It: A Coisa está entre as melhores adaptações de Stephen King

Em setembro de 1986 era publicado pela primeira vez um dos livros mais cultuados do escritor americano Stephen King, It – A Coisa. O livro foi o mais vendido nos Estados Unidos no mesmo ano e, já em 90, foi adaptado para uma minissérie de 2 episódios. A série teve certo sucesso, inclusive vencendo o Emmy de trilha sonora e sendo indicada por melhor edição. Em sua grande parte a adaptação foi boa, contando com boas atuações e um ótimo uso do conceito do medo utilizado por Pennywise, mas apesar disso ela teve alguns grandes problemas, sendo um dos maiores a batalha final entre as crianças e A Coisa dentro do esgoto, que além de simplificar muito o conceito do monstro sofreu bastante com os efeitos especiais disponíveis na época. Tendo isso como pano de fundo, como a mais nova adaptação do livro se sai?

Grande parte das histórias criadas por Stephen King não são sobre monstros gigantes ou demônios te dando sustos e isso vale também para as histórias que tem monstros ou demônios, e esse é o caso daqui, apesar de ter uma entidade que se transforma naquilo que você tem medo e devora crianças.
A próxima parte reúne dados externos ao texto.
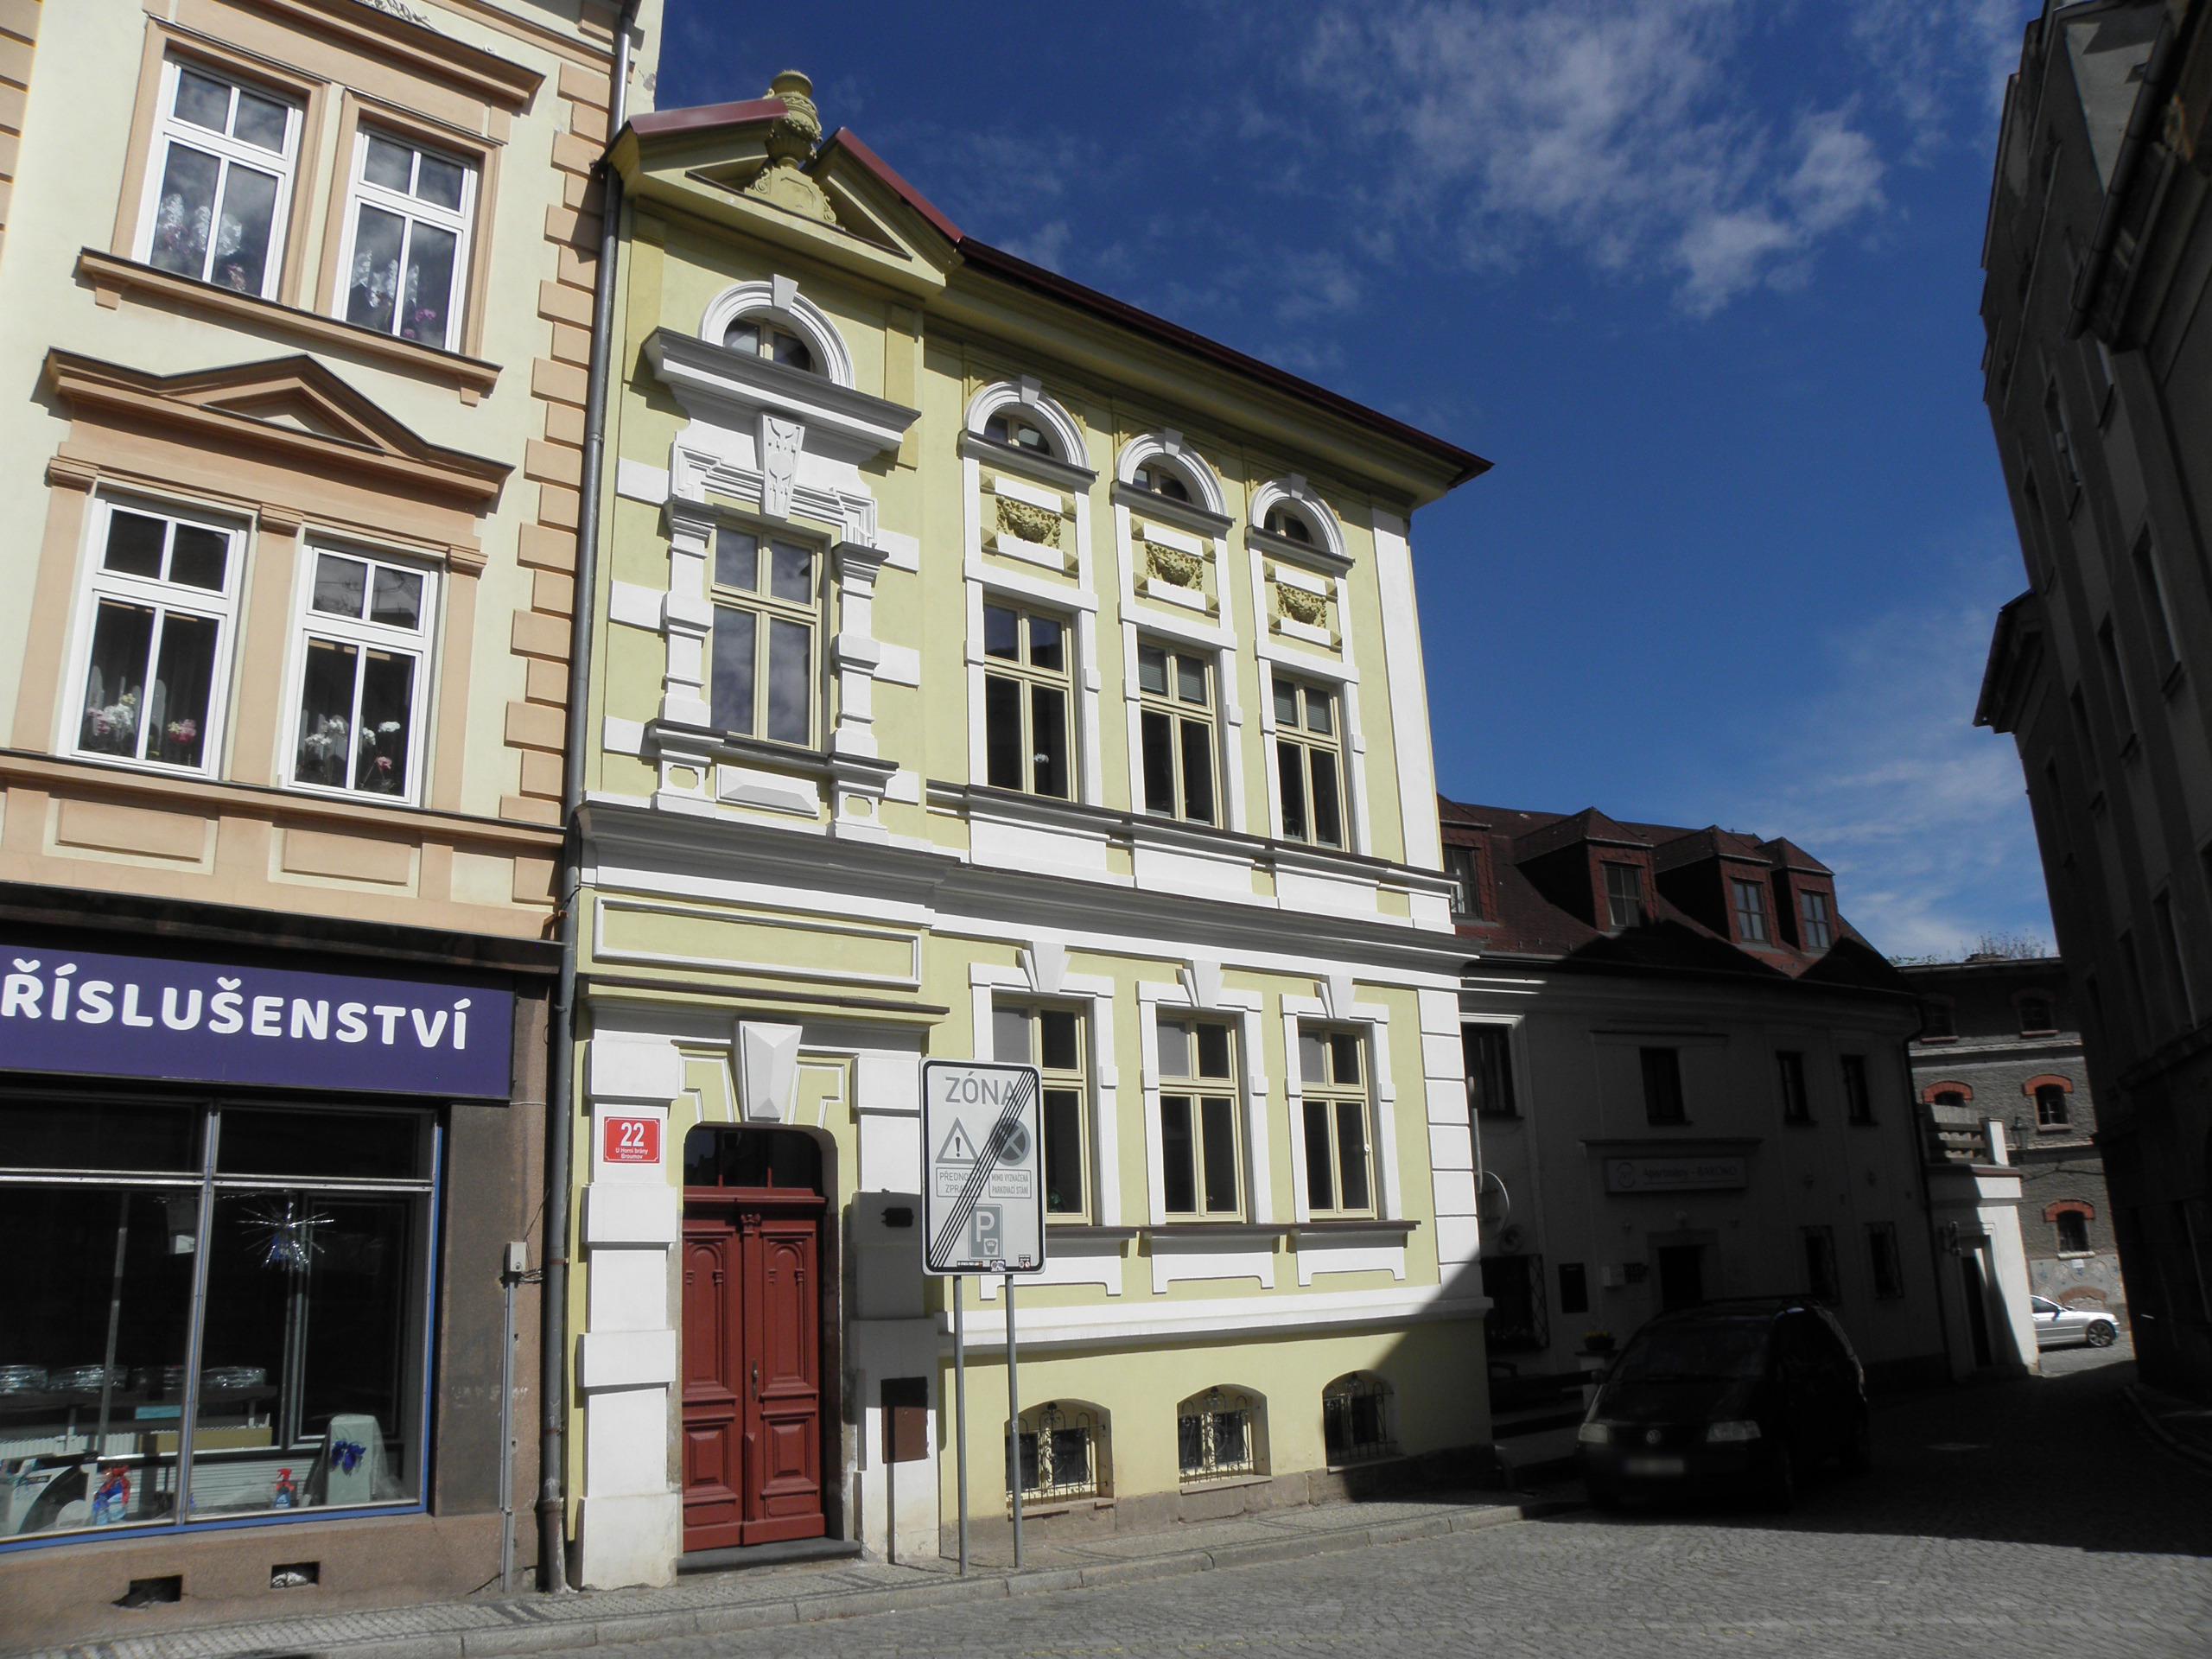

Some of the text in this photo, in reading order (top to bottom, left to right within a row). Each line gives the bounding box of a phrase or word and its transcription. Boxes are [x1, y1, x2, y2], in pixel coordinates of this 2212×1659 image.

[1, 957, 472, 1050] ŘÍSLUŠENSTVÍ
[945, 1071, 1019, 1105] ZÓNA
[620, 1122, 645, 1147] 22
[976, 1211, 995, 1242] P
Essa obra é sobre muito mais que isso, ele é sobre traumas de infância, abusos parentais e sobre amizade, algo que foi falado em maiores detalhes em nosso outro texto. Isso tudo fica bem evidenciado no filme que, mesmo tendo um Pennywise muito mais assustador que o do seriado, depende desse muito mais para criar o terror, inclusive com alguns dos momentos mais tensos do longa sequer tem seu vilão neles e isso só serve para engrandecer tudo e ajudar a torna-lo muito mais que só mais um filme de monstro. É por todos esses fatores que esse é um filme cujo sucesso depende muito mais que o normal da escolha do elenco e uma vez que – uma vez que os protagonistas são todos crianças – essa não era uma tarefa fácil. Apesar disso, o elenco está impecável a ponto de esse ser um daqueles raros casos de um filme sobre um grupo de crianças no qual elas realmente parecem crianças, fazem piadas sobre mães, brigam e acima de tudo vivem em um mundo real com perigos reais como bullys, pedófilos e doenças pra dizer alguns.
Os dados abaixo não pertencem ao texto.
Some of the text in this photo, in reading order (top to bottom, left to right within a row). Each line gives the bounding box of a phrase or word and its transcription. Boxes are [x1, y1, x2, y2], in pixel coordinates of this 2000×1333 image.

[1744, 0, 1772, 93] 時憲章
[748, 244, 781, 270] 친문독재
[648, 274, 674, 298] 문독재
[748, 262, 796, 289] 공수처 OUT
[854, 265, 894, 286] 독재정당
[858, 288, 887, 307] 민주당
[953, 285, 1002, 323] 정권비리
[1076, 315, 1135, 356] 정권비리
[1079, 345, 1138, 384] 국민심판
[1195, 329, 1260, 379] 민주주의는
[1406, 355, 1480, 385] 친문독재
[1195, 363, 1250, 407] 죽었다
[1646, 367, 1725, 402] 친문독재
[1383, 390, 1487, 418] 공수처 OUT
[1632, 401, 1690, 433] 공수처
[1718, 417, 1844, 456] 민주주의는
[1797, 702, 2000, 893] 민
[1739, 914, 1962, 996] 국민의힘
Outro ponto muito forte da obra é o modo que o diretor Andy Muschietti (conhecido por Mama) cria a atmosfera de terror, gerada pela presença de Pennywise na vida das crianças, mas ao mesmo tempo quebra esse terror nos pontos certos, seja com o humor que você só encontra em um grupo como esse ou com os momentos mais sérios onde as amizades podem tão facilmente ser quebradas quanto fortalecidas. E isso é obviamente também grande mérito do elenco, que transmite com perfeição a amizade dos personagens até mesmo nos momentos de conflito dentro do grupo.

Isso tudo não é pra dizer que o filme não tem seus problemas. São poucos e, no geral, insignificantes, mas ele tem alguns. Desses problemas o único que realmente incomoda um pouco é a escolha de em diversas das cenas com o palhaço, o longa depender mais tanto de CGI quanto de efeitos práticos, muito mais do que da atuação do Bill Skarsgård para dar o impacto na cena. Como, por exemplo, em uma cena que está presente na maioria dos trailers, onde Bill está no porão conversando com “seu irmão” e A Coisa levanta de uma poça no chão e sai correndo na direção dele com a cabeça balançando e girando freneticamente. Esse tipo de situação diminui a cena em relação á outras, que depende simplesmente da atuação para causar o desconforto.

O TRECHO A SEGUIR CONTÉM SPOILERS DA CENA FINAL DO FILME

Um momento do filme que também o elevou bastante em comparação a minissérie é o embate final entre as crianças e A Coisa dentro do esgoto, mas isso por alguns motivos diferentes. Começando pelo CGI atual, que ajuda muito não só em criar o ambiente sujo, úmido e cheio de crianças e pedaços de corpos flutuando e coisas do tipo, mas também no próximo motivo, que é a batalha em si. Diferente da série, no longa Pennywise não se transforma em um medo genérico como uma aranha monstruosa e é isso ai. Não, nessa adaptação ele realmente vai de acordo com o conceito do personagem e se transforma diversas vezes no decorrer da luta alternando entre o medo de cada criança, baseado em quem ele está tentando atacar sua aparência se altera da mulher deformada, para o leproso cheio de doenças, e por ai vai.